= Task =
The result should be an exact copy of the entries below, free of pictures.
(Task material)
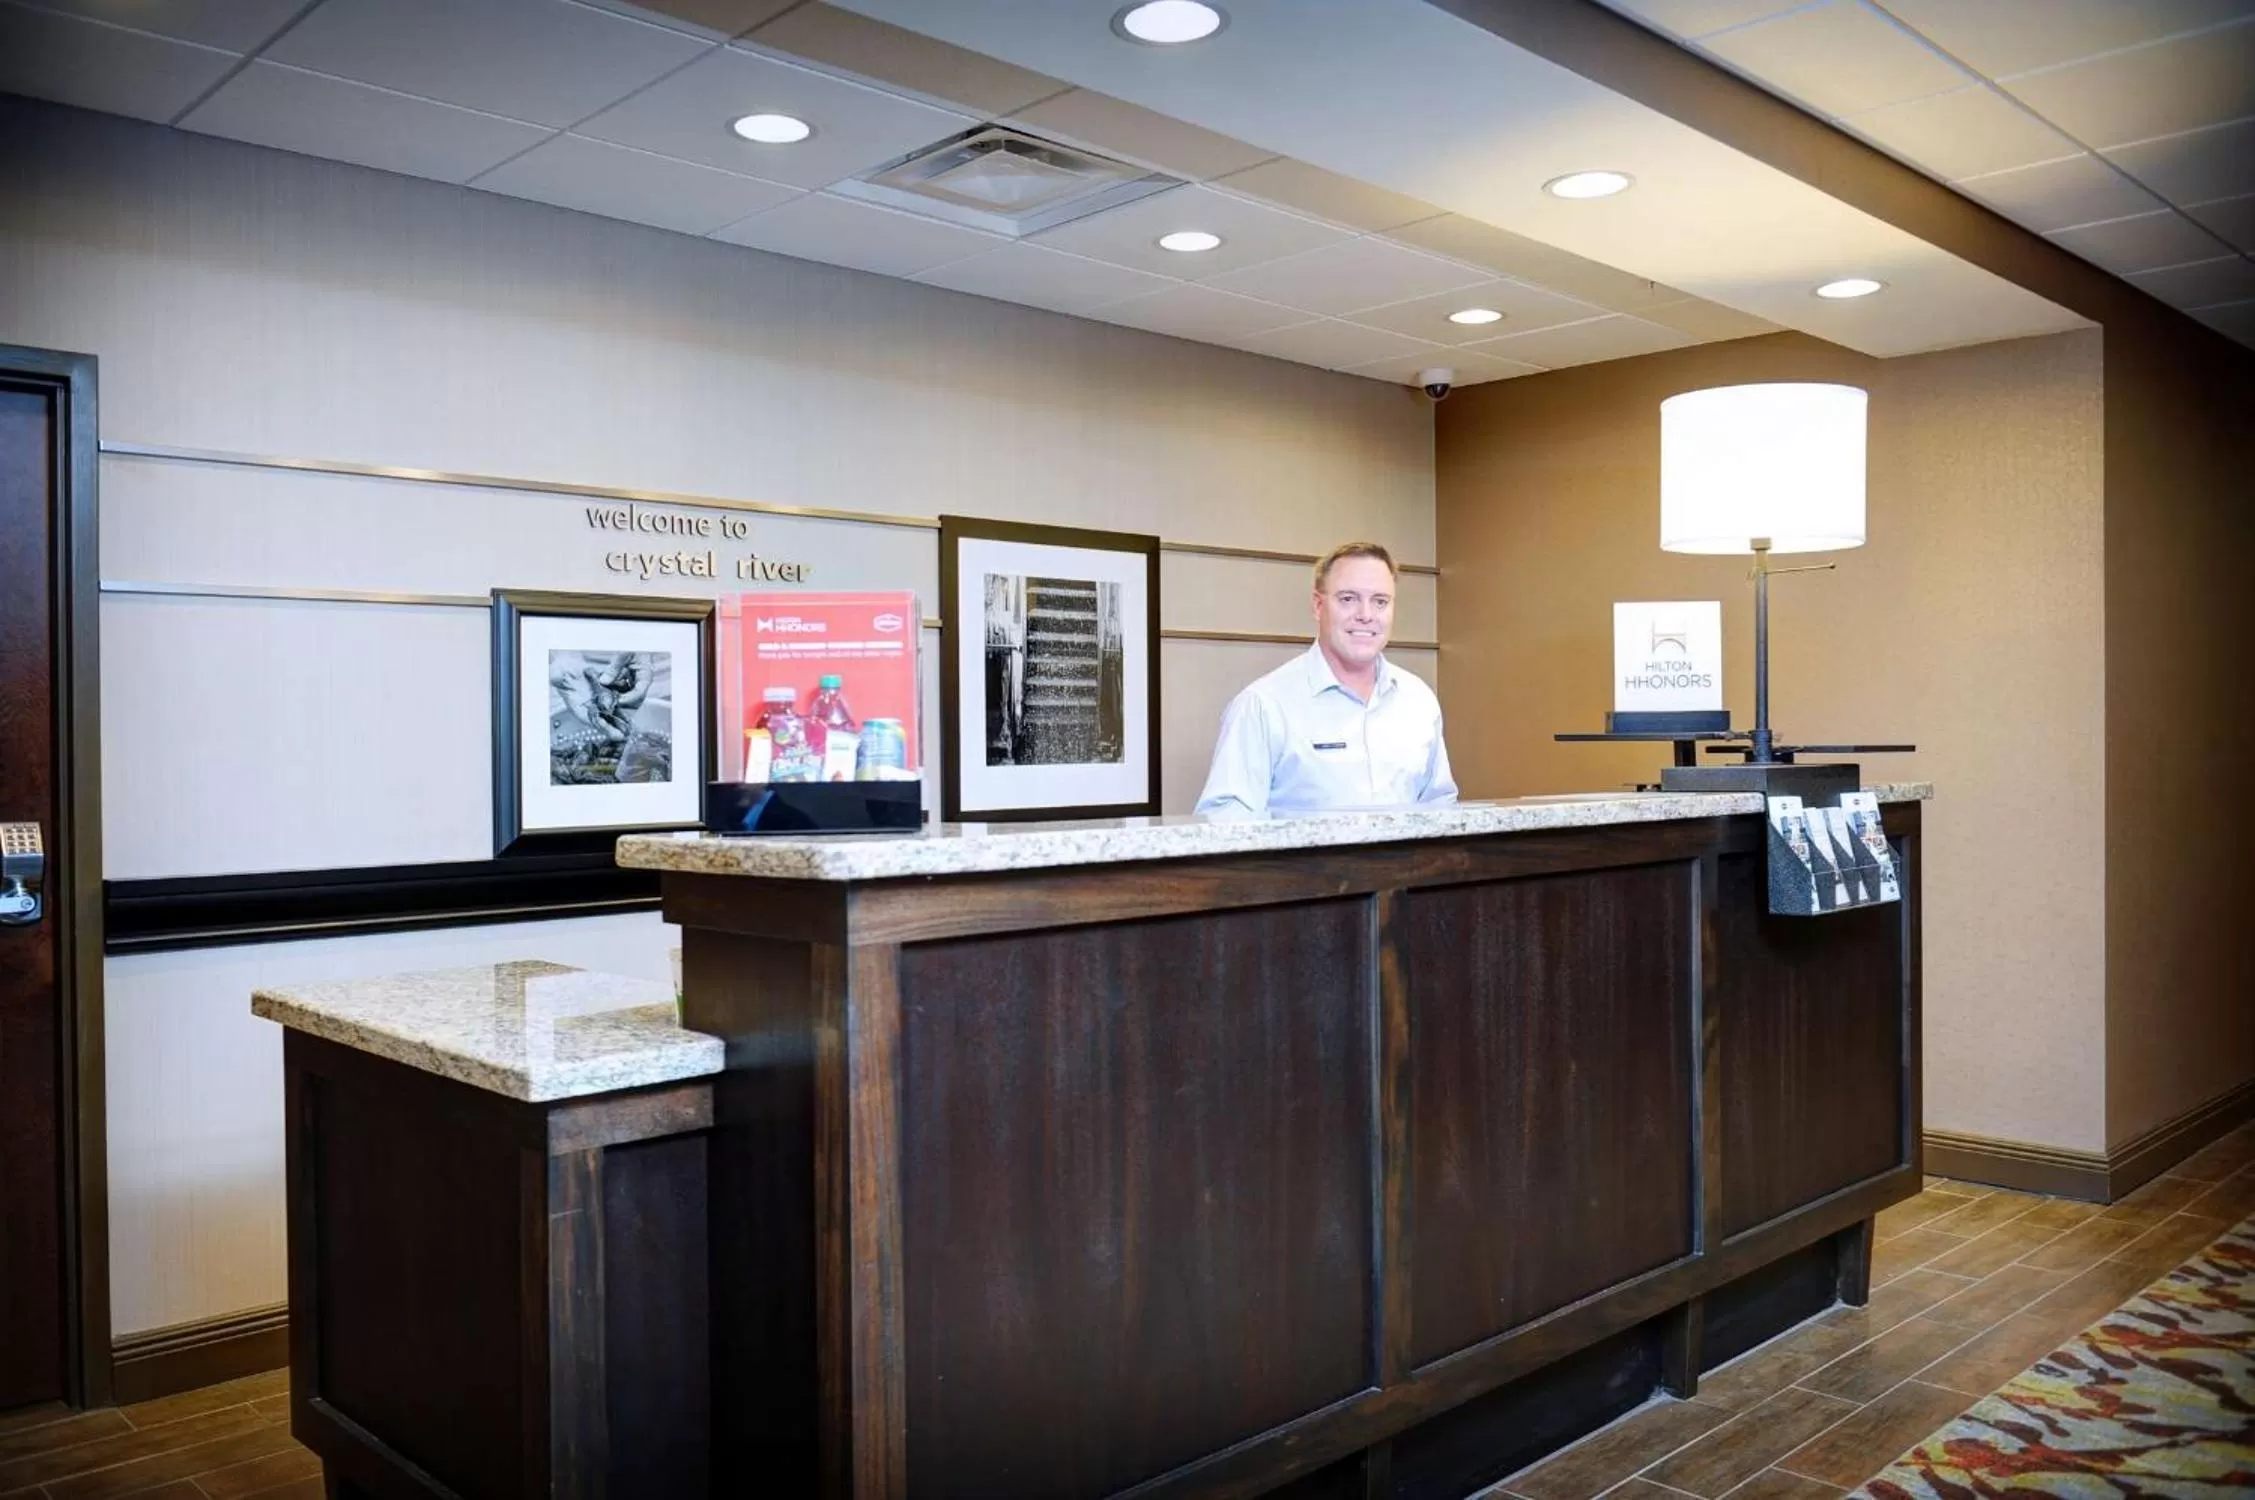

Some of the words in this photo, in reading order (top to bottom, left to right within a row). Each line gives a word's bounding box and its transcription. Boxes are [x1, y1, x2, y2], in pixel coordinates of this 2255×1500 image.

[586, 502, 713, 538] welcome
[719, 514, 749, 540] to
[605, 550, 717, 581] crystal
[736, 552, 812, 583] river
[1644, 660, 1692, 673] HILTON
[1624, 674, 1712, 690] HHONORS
(End Task material)
= Task answer =
Some of the words in this photo, in reading order (top to bottom, left to right within a row). Each line gives a word's bounding box and its transcription. Boxes are [x1, y1, x2, y2], in pixel coordinates of this 2255×1500 image.

[586, 502, 713, 538] welcome
[719, 514, 749, 540] to
[605, 550, 717, 581] crystal
[736, 552, 812, 583] river
[1644, 660, 1692, 673] HILTON
[1624, 674, 1712, 690] HHONORS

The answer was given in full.